Source information
***

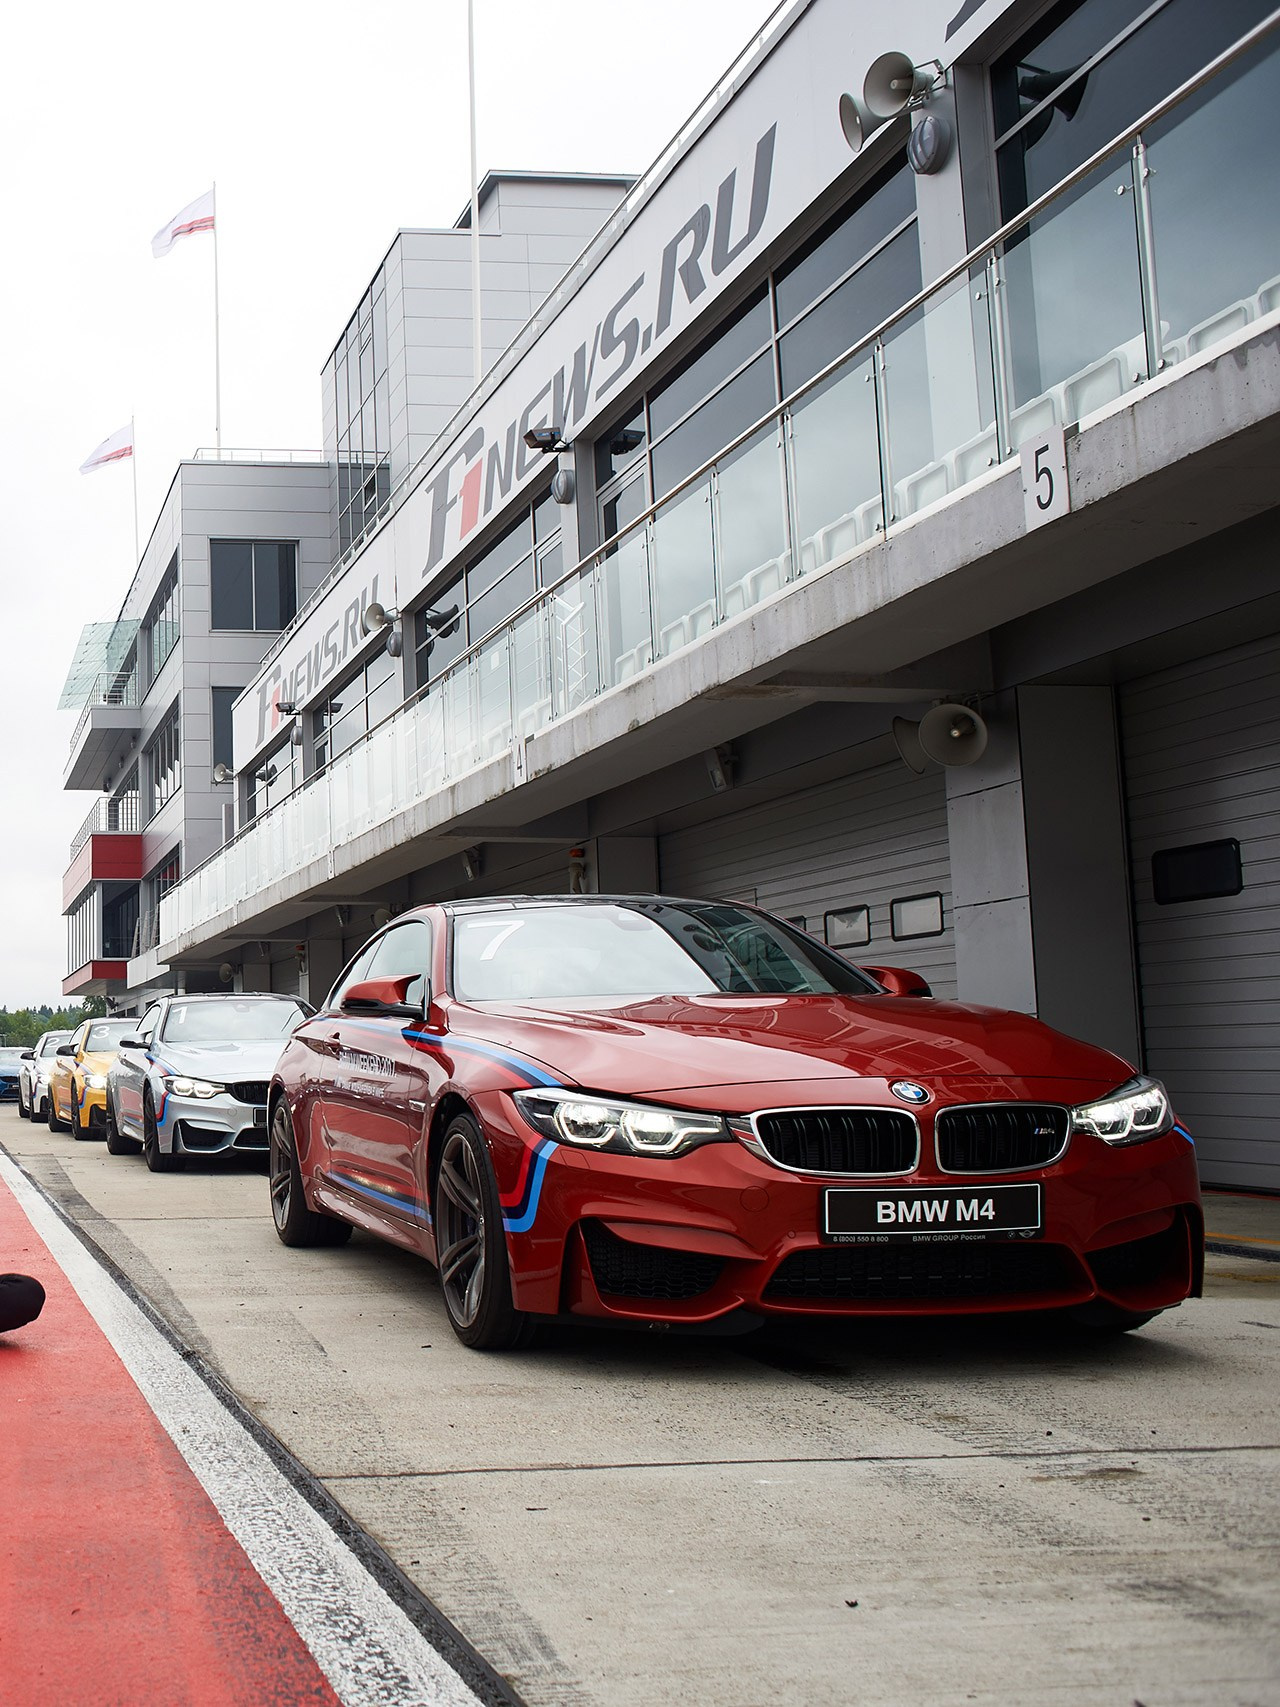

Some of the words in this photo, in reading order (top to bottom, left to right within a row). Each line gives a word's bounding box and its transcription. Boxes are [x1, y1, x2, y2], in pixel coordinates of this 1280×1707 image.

[1034, 443, 1054, 510] 5
[467, 920, 525, 960] 7
[172, 1006, 188, 1024] 1
[92, 1025, 110, 1039] 3
[45, 1037, 60, 1048] 2
[877, 1200, 949, 1223] BMW
[956, 1199, 996, 1221] M4
[932, 1234, 959, 1242] GROUP
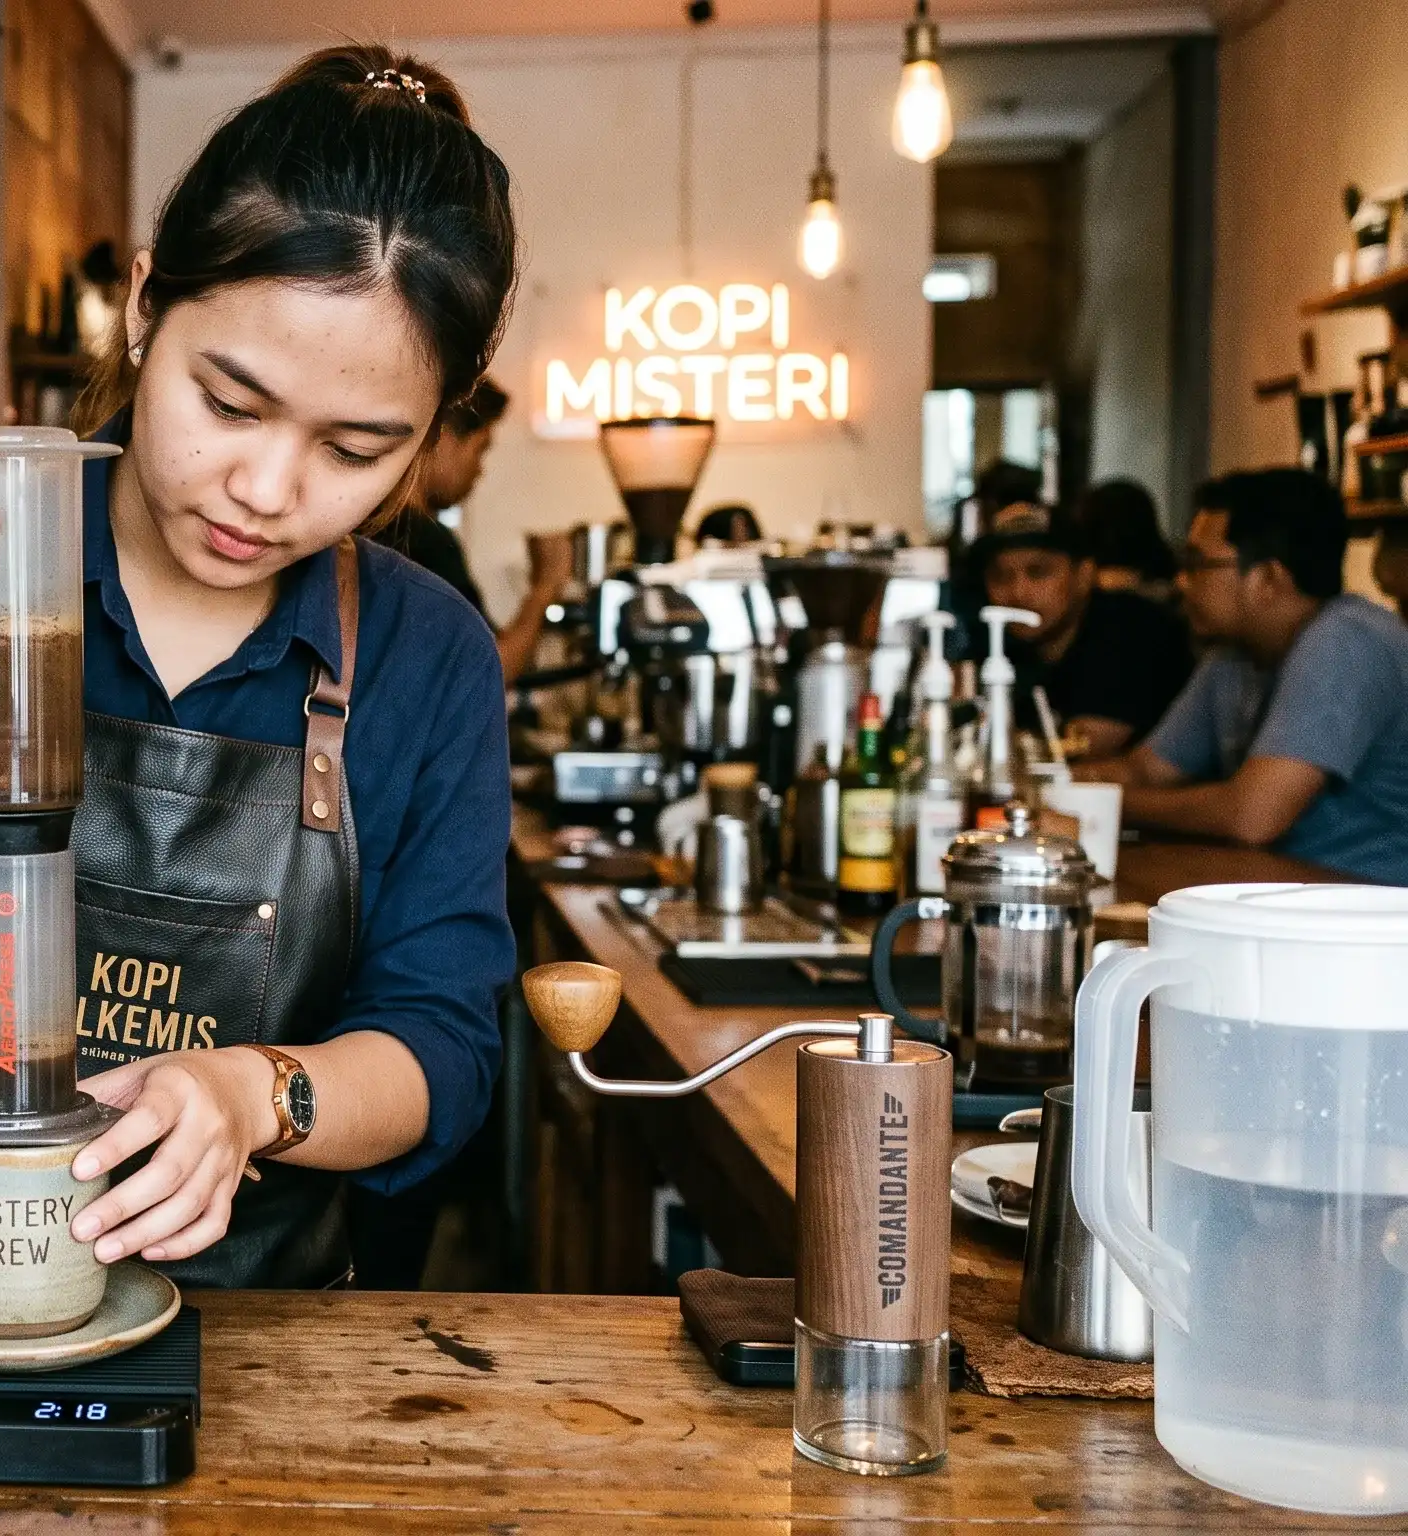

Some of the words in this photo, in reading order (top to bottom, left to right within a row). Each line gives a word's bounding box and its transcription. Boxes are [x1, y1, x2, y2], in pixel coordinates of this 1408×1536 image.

[604, 282, 789, 352] KOPI
[546, 352, 849, 424] MISTERI
[90, 952, 181, 1005] KOPI
[76, 996, 217, 1051] LKEMIS
[878, 1115, 908, 1286] COMANDANTE
[34, 1402, 107, 1420] 2:18
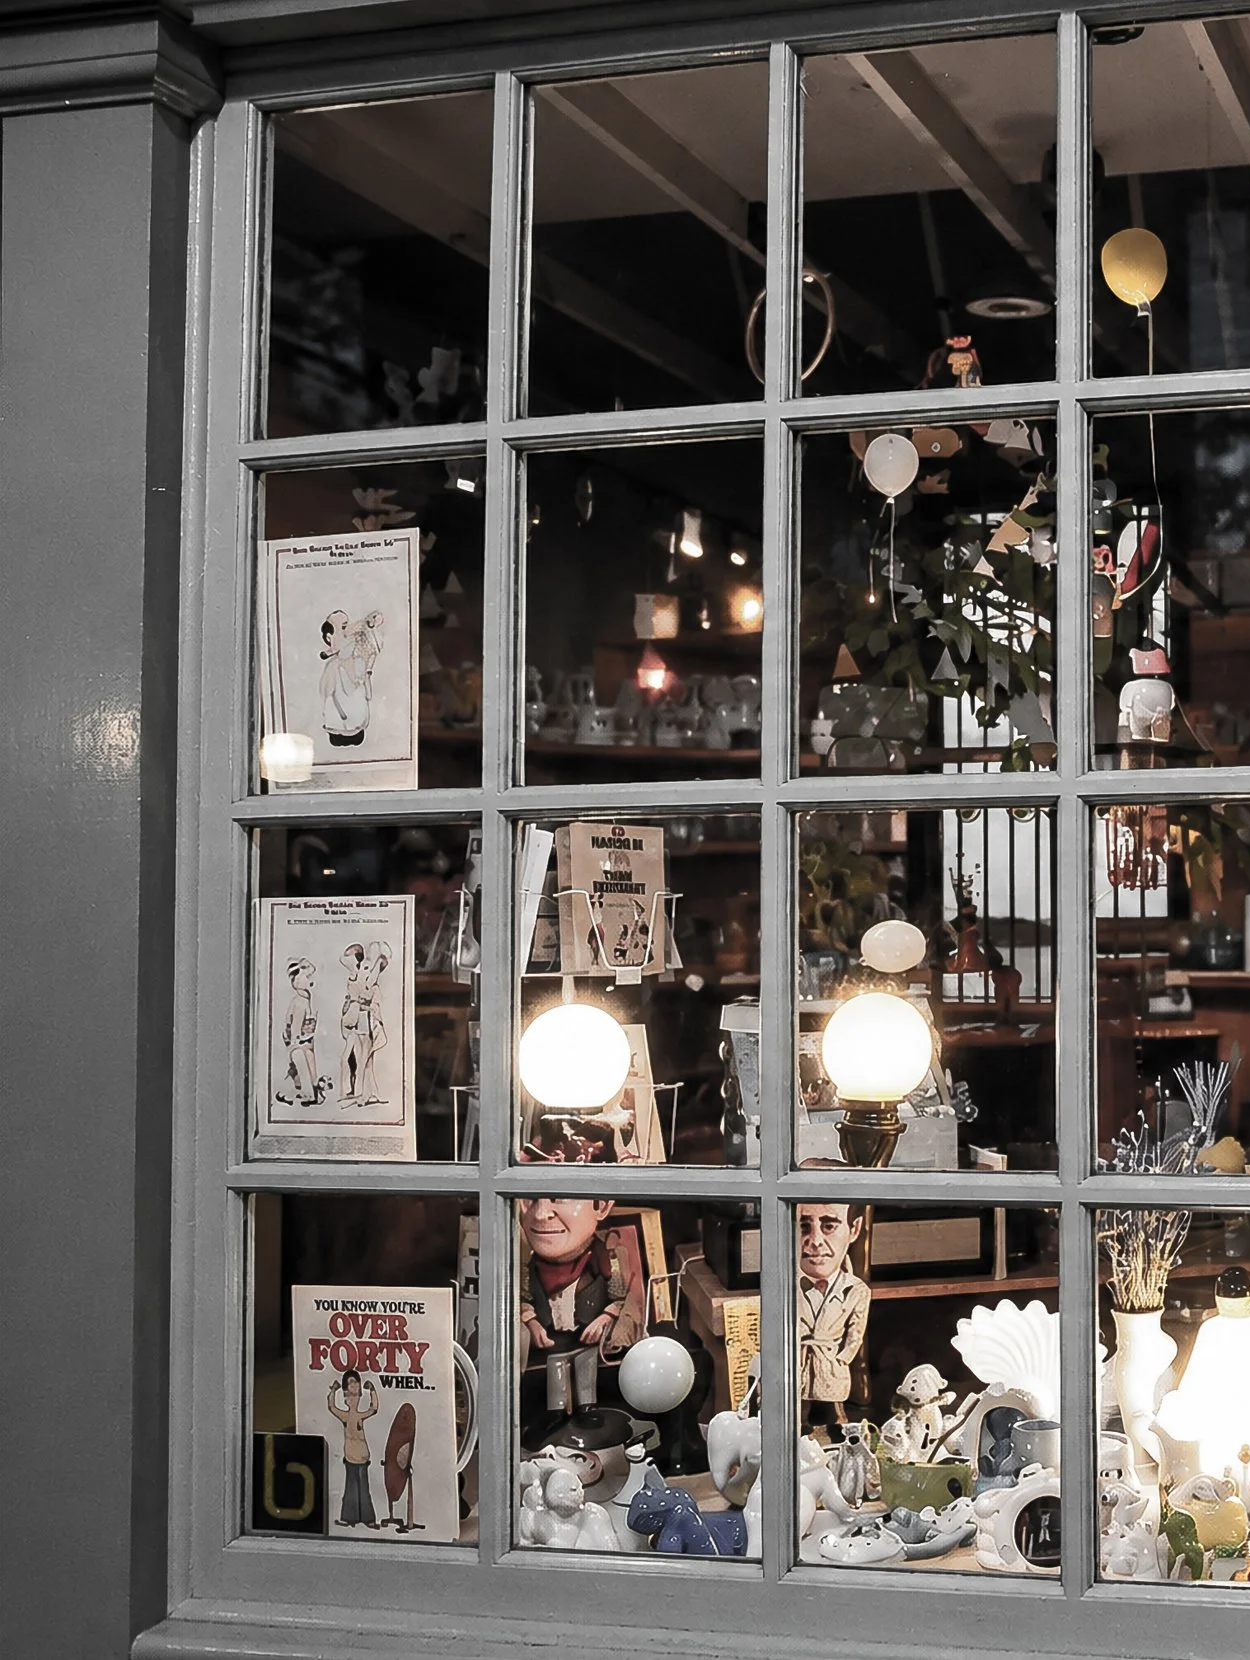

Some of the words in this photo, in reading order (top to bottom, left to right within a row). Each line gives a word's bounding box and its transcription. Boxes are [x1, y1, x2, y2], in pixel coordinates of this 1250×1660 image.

[314, 1299, 339, 1311] YOU
[341, 1300, 379, 1312] KNOW
[381, 1301, 425, 1314] YOU'RE
[328, 1312, 409, 1341] OVER
[308, 1338, 430, 1375] FORTY

***

Task directions
Set down each line from the line containing "this 1250×1660 image." through the final line of the data, exactly and with nothing added.

Answer area
Some of the words in this photo, in reading order (top to bottom, left to right within a row). Each line gives a word's bounding box and its transcription. Boxes are [x1, y1, x2, y2], in pixel coordinates of this 1250×1660 image.

[314, 1299, 339, 1311] YOU
[341, 1300, 379, 1312] KNOW
[381, 1301, 425, 1314] YOU'RE
[328, 1312, 409, 1341] OVER
[308, 1338, 430, 1375] FORTY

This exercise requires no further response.